Denn das Dekret des Innenministeriums vom Dienstag ist nach wie vor in Kraft und bedeutet, dass Ungarn "bis auf Weiteres" jedes Rückschiebegesuch "aus technischen Gründen" ablehnen wird, nur bereits laufende Verfahren werden abgewickelt.

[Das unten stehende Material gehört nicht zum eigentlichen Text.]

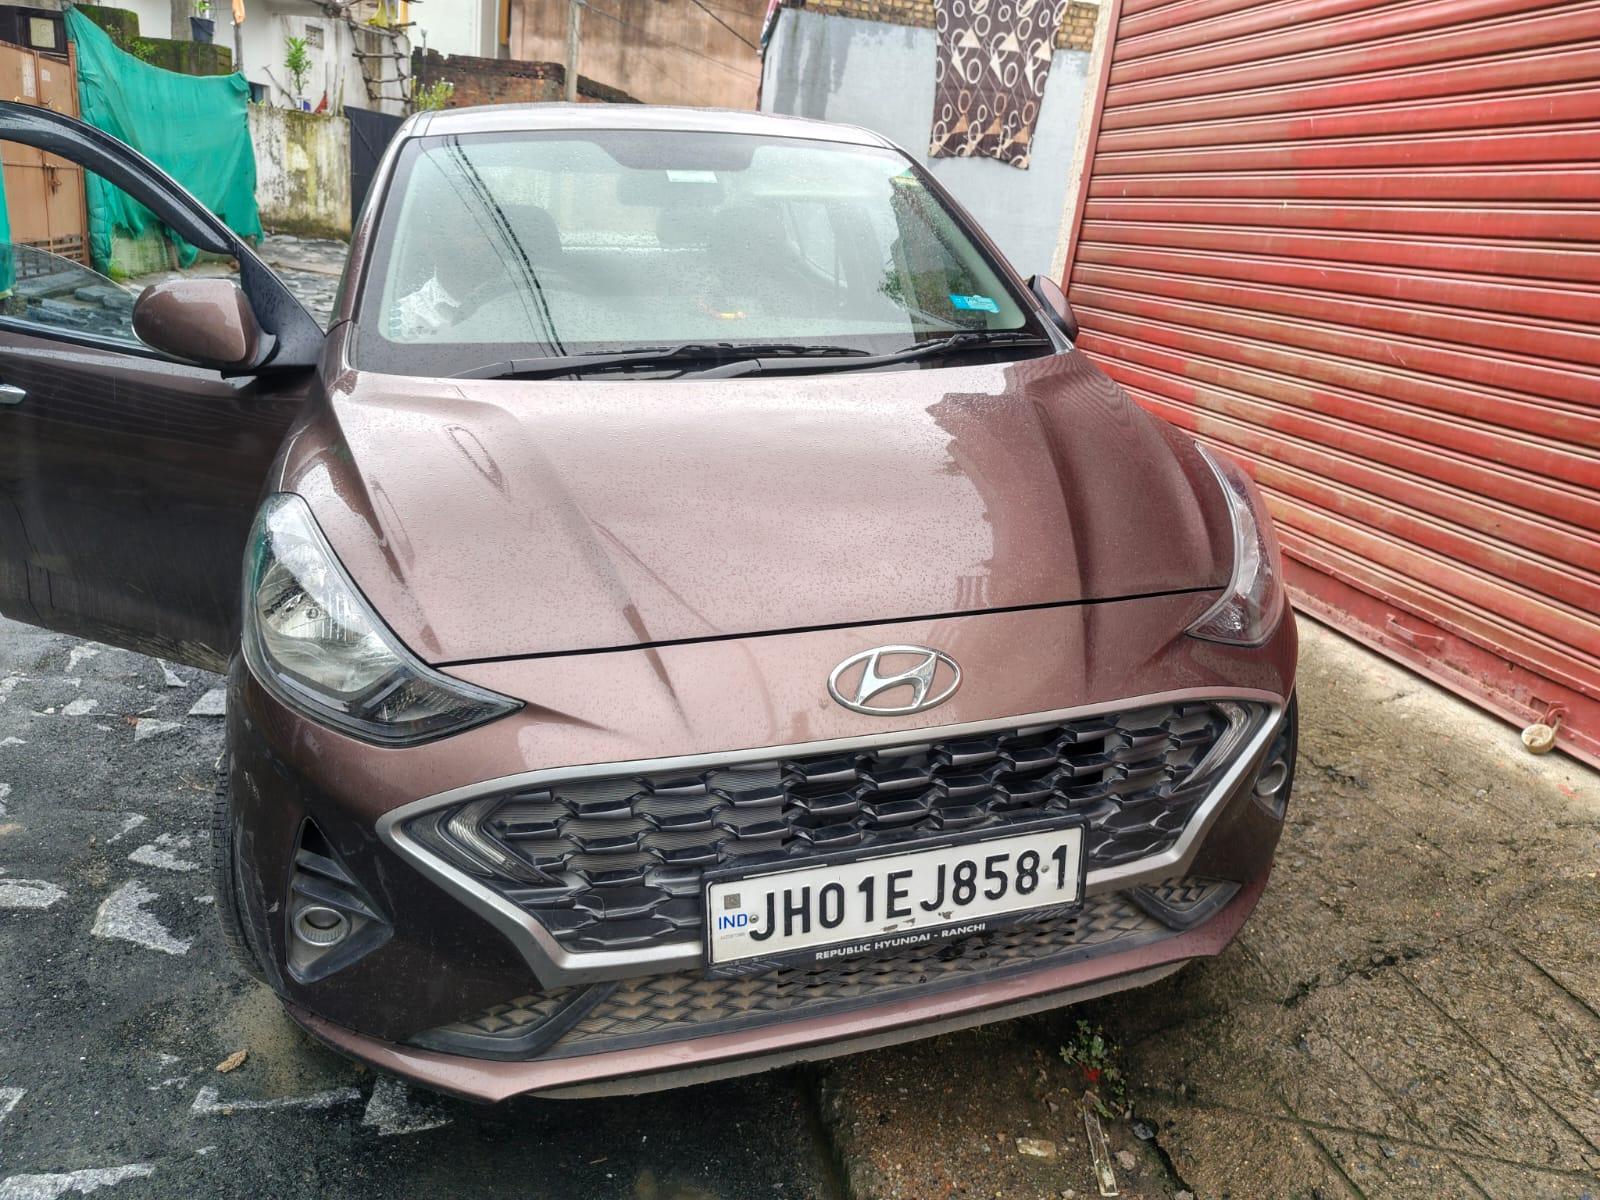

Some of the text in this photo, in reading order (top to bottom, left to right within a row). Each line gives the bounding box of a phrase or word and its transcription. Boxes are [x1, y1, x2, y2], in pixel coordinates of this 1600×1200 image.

[749, 844, 1068, 942] JH01EJ8581
[718, 913, 748, 930] IND
[815, 943, 871, 961] REPUBLIC
[875, 933, 931, 950] HYUNDAI
[941, 922, 987, 938] RANCHI
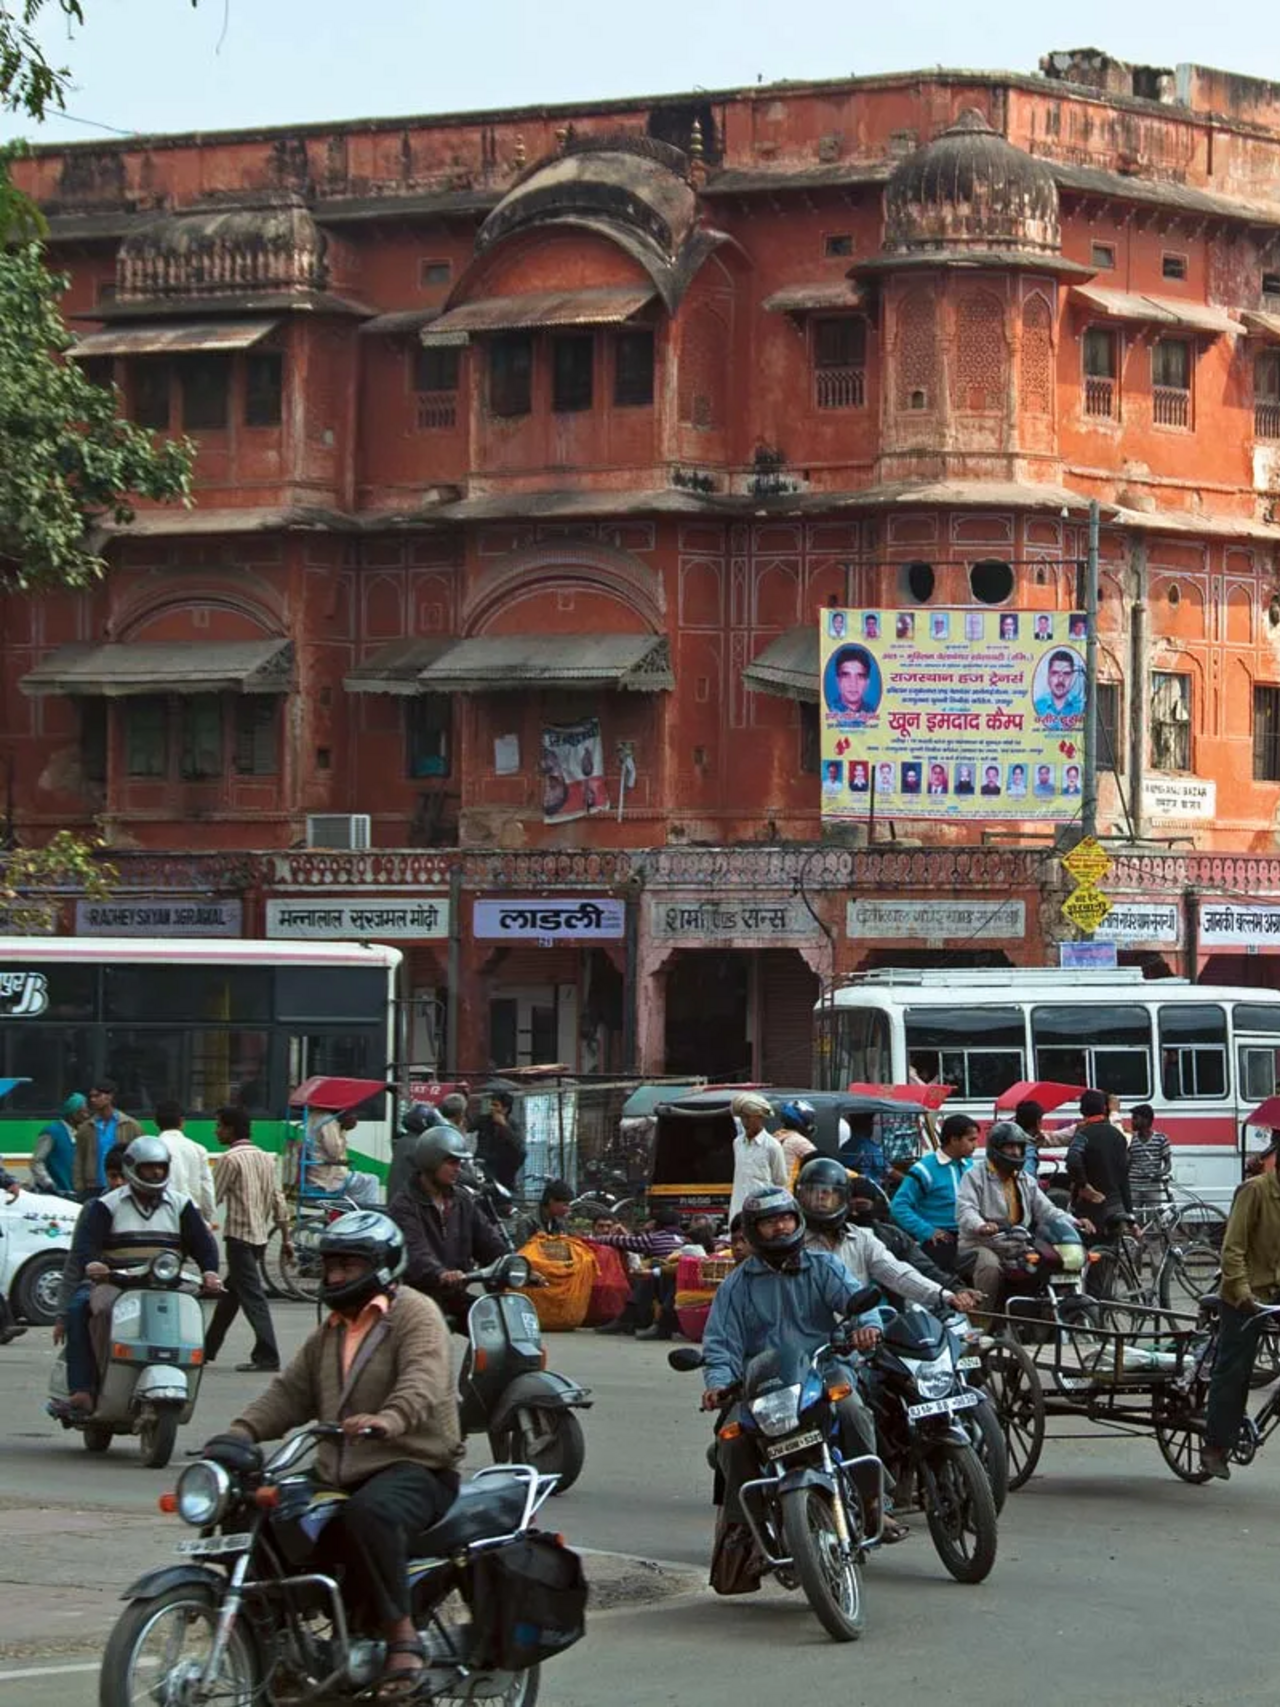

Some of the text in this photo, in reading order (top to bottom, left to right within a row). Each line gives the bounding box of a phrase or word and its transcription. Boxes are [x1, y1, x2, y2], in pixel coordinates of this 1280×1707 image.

[890, 672, 954, 684] राजस्थान
[888, 711, 921, 738] खून
[926, 712, 981, 732] इमदाद
[986, 707, 1025, 732] कैम्प
[278, 909, 345, 930] मन्नालाल
[349, 909, 409, 931] सूरजमल
[499, 902, 605, 931] लाडली
[741, 907, 787, 929] सन्स
[1203, 906, 1235, 933] जानकी
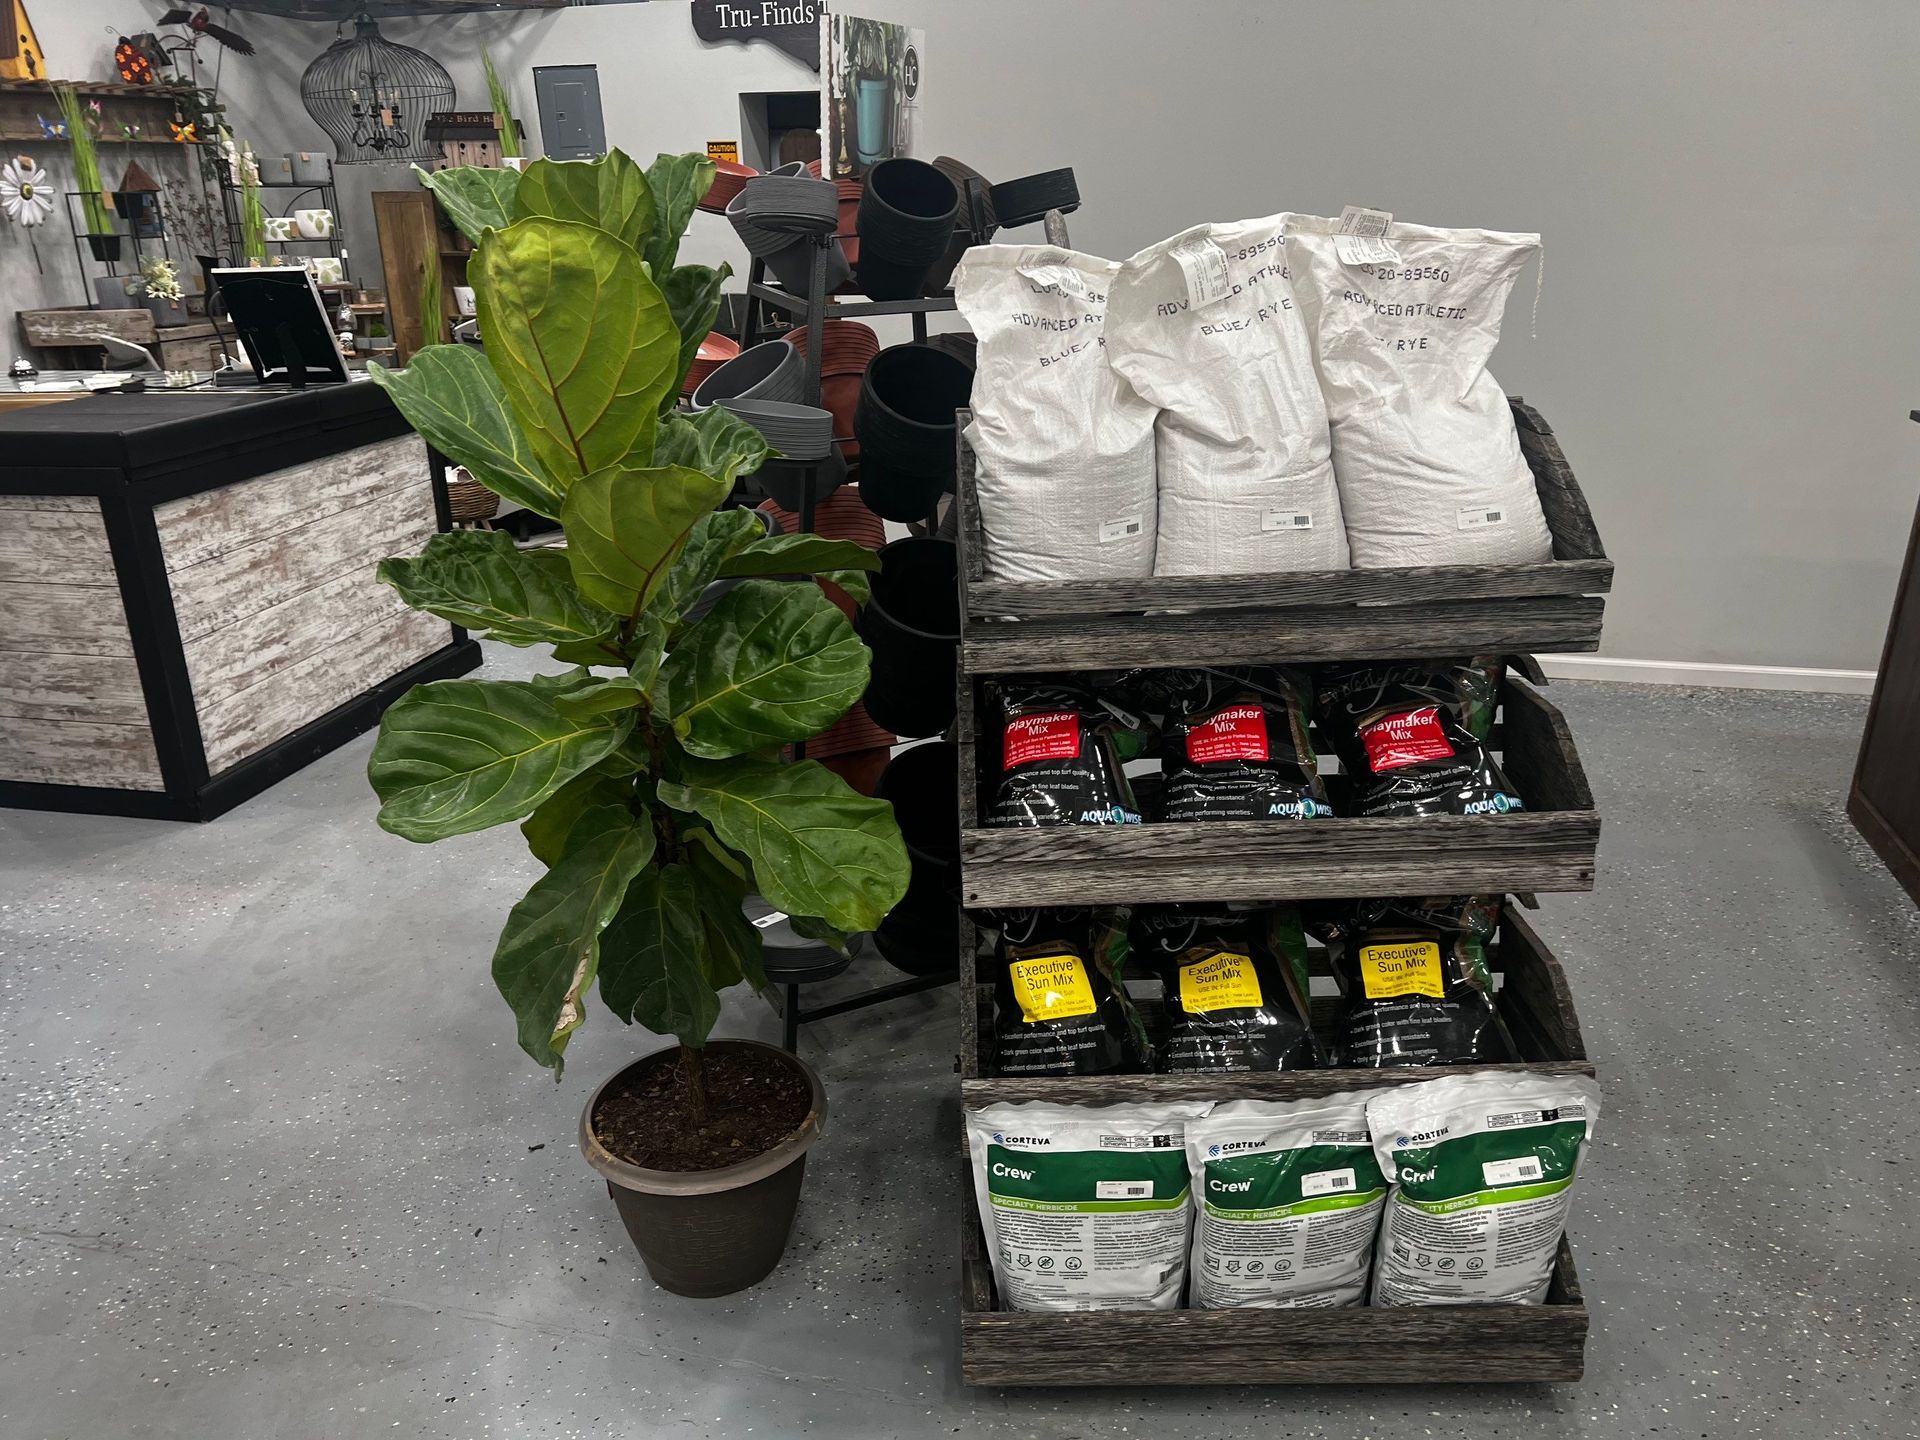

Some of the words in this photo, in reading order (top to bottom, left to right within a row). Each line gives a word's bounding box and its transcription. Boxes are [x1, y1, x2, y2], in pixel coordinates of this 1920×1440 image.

Der Außenminister konstruierte aus dieser Maßgabe vor der internationalen Presse, dass man kein Abkommen "außer Kraft" gesetzt habe, bei der Erfüllung aber auf "die Geduld" für die begrenzten Möglichkeiten des Landes hofft. Auf diese Weise hofft Budapest, einem EU-Vertragsverletzungsverfahren zu entgehen, ohne die Dublin-III-Maßgaben praktisch erfüllen zu müssen. Es war ein Täuschungsmanöver. Mehr noch, die Behauptung, Ungarn habe niemals einseitig einen EU-Vertrag außer Kraft gesetzt, ist angesichts der durch einen
Brief des Justizministers, in dem die Anweisung des Innenministers zitiert wird, eine Lüge gewesen. Justizminister Trócsányi erklärte, dass Ungarn “zeitweise keine Flüchtlinge aufnehmen wird”, aber “zu Dublin III steht”. Ja, was denn nun?

János Lázár, Orbáns Kanzler, bestätigte auf der heute gehaltenen, turnusmäßigen Regierungspressekonferenz die Schaukelpolitk der Regierung zur Frage der Suspendierung von Dublin III.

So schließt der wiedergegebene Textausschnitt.